Investment Update: January 6, 2021Submitted by Affinity Capital on January 6th, 2021
While we prepare an Investment Update discussing our year-end review and a look forward, we want to provide an update on what is happening currently in the Capitol and what that may mean for the markets.
First, on a personal note, we would like to thank all our clients and friends for your prayers and well-wishes for my son -and Ann’s nephew- following a very serious auto accident. Chase and two friends were outside of Amarillo driving into Palo Duro Canyon State Park to hike when they were struck almost head-on by a driver who had lost control of her car. We are thankful that his two friends, while injured, were treated and released that day. Chase has a long list of serious injuries after being trapped in the overturned car for an hour and hospitalized for several days following surgery. While he has a long road ahead, he is expected to fully recover. The first responders on-scene and the hospital staff that cared for them are the truest of heroes.

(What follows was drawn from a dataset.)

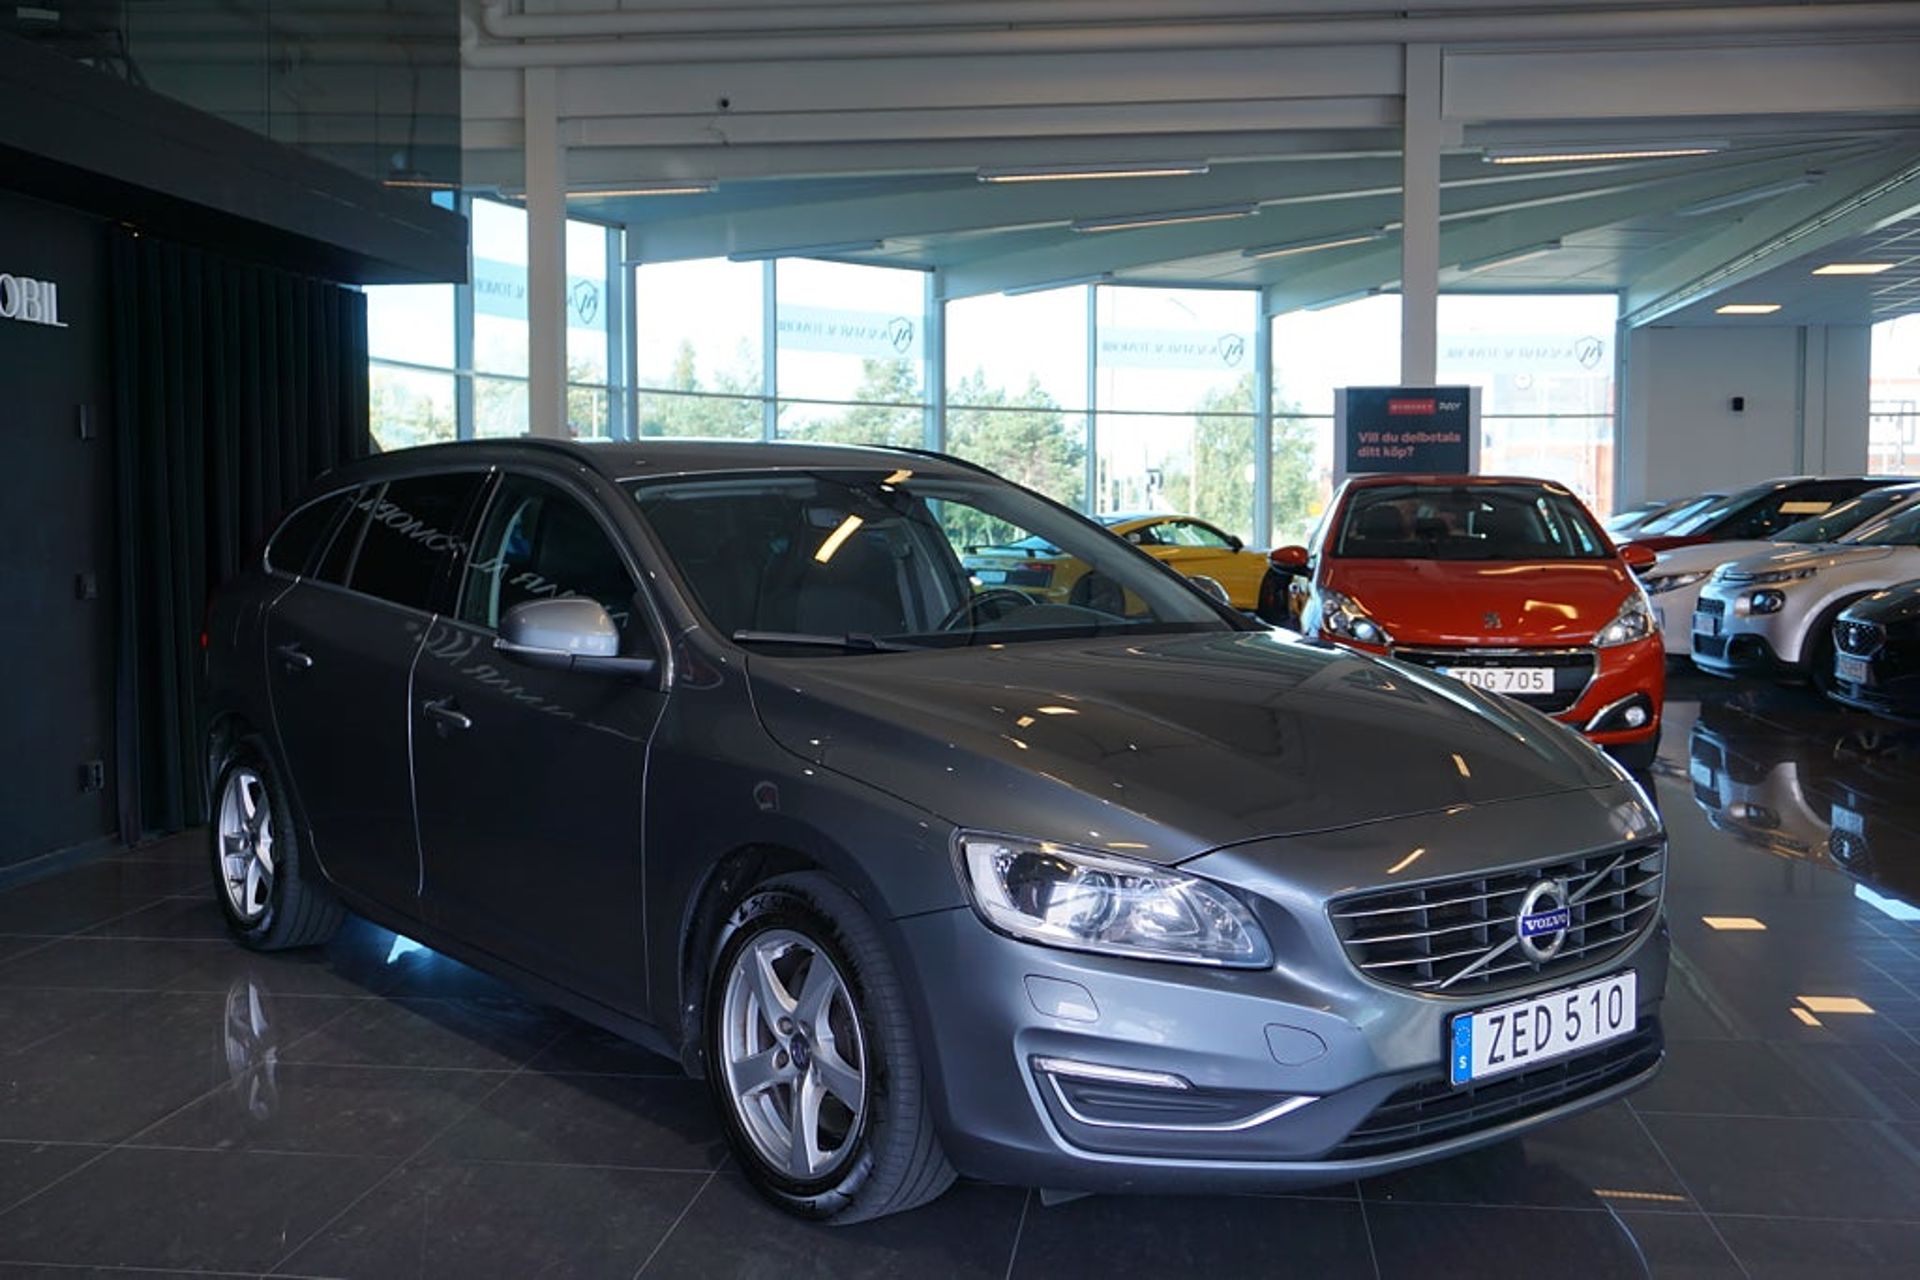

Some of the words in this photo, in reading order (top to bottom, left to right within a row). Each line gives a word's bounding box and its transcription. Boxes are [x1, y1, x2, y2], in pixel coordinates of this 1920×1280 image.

The major event of today is the storming of our Nation’s Capital by protestors as lawmakers met to certify the Presidential election with some debate expected. Proceedings are expected to resume tonight.
Both Georgia Senate races will go to the Democrats providing control of the House, Senate and White House. The Senate will be divided 50/50 with Vice-President Kamala Harris as a tie breaking vote. While the markets generally prefer divided government, one party rule is quite common throughout the history of our nation and our investments have prospered throughout these various scenarios. We strive to be apolitical and simply address how events may affect the markets and therefore your hard-earned portfolios
Our next Update will look at potential policy changes such as potential corporate tax-hikes and a likely one trillion-dollar stimulus package. Hint: The markets may not like higher taxes, but they will like government stimulus.
Both events began unfolding during market hours. The markets were little affected. The Dow closed up 437 points or plus 1.44% and the S&P 500 was lower by 21 or plus 0.57%. The tech heavy Nasdaq weakened to close down 78 points or down 0.61%.
Whatever the markets leaned toward concerning an expectation for divided government, we do not believe any market reaction in either direction over the next few days or weeks would be outside the norms. After a significant rise, the markets are near historic highs. In our estimation, a correction of 6 % would be a normal pullback. Conversely, the markets may react favorably to the simple fact that the Georgia races appear to be over. As this is being written, stock futures for tomorrow are in fact higher.
Regardless of news, it is uncertainty that rattles the markets. While either a short-term sell-off or rally in response to immediate news is normal, the markets are always looking ahead in measures of months and years. Today made that abundantly clear when the markets reacted only slightly to such a major event. Simply look to the past year with the coronavirus, acrimonious political campaigns, a crash in energy prices and much more – yet here we are sitting at historic market highs.
As always we are here for you to answer any questions you may have. Stay safe.